UBC Theses and Dissertations
Dating practices : the influence of context and the gendered nature of heterosexual relationships on women's sexual well-being Masaro, Cindy Louise
Limited attention has been paid to adult women’s sexual well-being despite their steadily rising rates of sexually-transmitted infections (STI) and human immunodeficiency virus (HIV). Two understudied areas that may affect women's sexual well-being are the changing context of dating and the gendered nature of heterosexual relationships. Internet technologies have become popular, yet little is known about how these technologies influence women's sexual risk. Additionally, few studies have addressed how conformity to gendered norms related to sexual activity and the expression of pleasure (i.e., orgasm during sex) influence women's sexual risk and well-being. Analyses were undertaken of data collected from an online survey of 1,266 adult women living in the United States. Two models of sexual risk were hypothesized with associations between: (a) the modality and time spent communicating, the motivations and the pressure for sexual activity, and sexual risk and (b) sexual self-disclosure and communication about sexual risk. Multinomial logistic regression was used for the analyses. A third model examined women's sexual well-being in terms of faking orgasm. Binary logistic regression was used to examine predictors of faking orgasm including the importance of, and pressure to achieve orgasm, and the frequency of, and satisfaction with, orgasm. Neither the modality nor time spent communicating was associated with sexual risk, however, the expectation to communicate trust and adherence to sexual scripts were associated. Discussion about past sexual behaviour (e.g., sexual positions, experiences) increased risk; yet, communication about STIs and HIV did not.

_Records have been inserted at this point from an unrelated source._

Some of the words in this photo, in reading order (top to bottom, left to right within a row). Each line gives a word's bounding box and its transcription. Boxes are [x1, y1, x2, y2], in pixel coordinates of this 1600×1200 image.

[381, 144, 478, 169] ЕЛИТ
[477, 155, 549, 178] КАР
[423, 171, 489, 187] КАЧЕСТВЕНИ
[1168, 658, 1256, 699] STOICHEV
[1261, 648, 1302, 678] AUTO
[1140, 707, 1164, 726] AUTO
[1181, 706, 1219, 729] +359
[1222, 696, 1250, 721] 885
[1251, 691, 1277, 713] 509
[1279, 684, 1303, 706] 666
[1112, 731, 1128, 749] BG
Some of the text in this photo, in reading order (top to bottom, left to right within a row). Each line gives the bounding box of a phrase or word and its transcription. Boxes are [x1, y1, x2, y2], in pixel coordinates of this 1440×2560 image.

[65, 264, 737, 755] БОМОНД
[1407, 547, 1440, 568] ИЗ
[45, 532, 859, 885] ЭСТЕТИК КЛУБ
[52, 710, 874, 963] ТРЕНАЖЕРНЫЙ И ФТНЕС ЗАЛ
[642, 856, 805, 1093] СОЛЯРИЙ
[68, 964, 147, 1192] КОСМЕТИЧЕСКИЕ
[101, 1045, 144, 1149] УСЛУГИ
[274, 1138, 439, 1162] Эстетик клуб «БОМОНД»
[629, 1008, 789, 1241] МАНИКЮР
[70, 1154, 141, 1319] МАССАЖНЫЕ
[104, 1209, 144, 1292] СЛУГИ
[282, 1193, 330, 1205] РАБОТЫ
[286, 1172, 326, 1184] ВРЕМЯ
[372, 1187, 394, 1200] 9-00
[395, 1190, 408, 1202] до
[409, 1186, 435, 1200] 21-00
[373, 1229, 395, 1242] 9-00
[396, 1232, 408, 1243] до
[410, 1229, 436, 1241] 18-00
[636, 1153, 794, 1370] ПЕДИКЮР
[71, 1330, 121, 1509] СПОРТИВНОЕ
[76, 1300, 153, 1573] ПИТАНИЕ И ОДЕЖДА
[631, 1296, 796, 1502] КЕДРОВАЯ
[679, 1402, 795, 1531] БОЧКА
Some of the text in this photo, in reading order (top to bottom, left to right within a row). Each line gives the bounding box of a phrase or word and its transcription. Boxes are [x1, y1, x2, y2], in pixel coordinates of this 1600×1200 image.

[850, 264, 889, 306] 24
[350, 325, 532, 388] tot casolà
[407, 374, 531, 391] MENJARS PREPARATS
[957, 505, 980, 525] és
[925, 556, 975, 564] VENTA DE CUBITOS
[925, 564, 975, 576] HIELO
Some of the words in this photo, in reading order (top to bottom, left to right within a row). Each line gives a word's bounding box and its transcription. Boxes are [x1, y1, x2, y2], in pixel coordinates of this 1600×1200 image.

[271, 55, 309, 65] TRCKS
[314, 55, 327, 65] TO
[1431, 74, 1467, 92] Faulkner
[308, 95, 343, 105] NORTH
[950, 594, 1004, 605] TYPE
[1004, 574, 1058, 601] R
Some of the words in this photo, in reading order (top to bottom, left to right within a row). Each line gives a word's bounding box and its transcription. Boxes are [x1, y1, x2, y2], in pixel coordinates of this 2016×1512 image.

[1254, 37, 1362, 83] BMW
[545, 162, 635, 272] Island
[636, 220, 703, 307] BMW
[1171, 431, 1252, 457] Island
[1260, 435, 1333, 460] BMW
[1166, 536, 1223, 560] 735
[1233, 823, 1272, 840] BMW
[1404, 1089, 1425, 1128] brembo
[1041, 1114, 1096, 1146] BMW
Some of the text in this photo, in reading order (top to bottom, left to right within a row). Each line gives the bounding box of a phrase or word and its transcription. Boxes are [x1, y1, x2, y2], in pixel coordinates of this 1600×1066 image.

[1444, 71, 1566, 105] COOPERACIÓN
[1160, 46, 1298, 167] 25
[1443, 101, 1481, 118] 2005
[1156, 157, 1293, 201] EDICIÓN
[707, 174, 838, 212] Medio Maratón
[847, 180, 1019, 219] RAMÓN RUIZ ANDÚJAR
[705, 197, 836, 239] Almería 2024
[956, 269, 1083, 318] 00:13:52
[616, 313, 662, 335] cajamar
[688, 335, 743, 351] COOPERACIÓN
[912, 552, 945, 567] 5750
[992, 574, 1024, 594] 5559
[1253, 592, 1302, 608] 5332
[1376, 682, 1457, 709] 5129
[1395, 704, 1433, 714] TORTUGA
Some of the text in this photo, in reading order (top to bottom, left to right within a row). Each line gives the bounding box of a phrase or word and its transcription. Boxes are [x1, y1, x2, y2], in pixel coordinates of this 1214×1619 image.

The majority of women reported that they had faked orgasm during penile-vaginal intercourse. Perceived pressure to achieve an orgasm during this activity predicted the faking of orgasm. The findings of this study indicate that women's sexual risk does not appear to be influenced by how they meet partners or by the modality and time spent communicating. Communication about STIs and HIV, does appear to decrease sexual risk. The gendered nature of heterosexual relationships is of particular importance for women's sexual well-being. Given the results of this study, women conforming to gendered expectations about sex are less likely to express what they find sexually pleasing.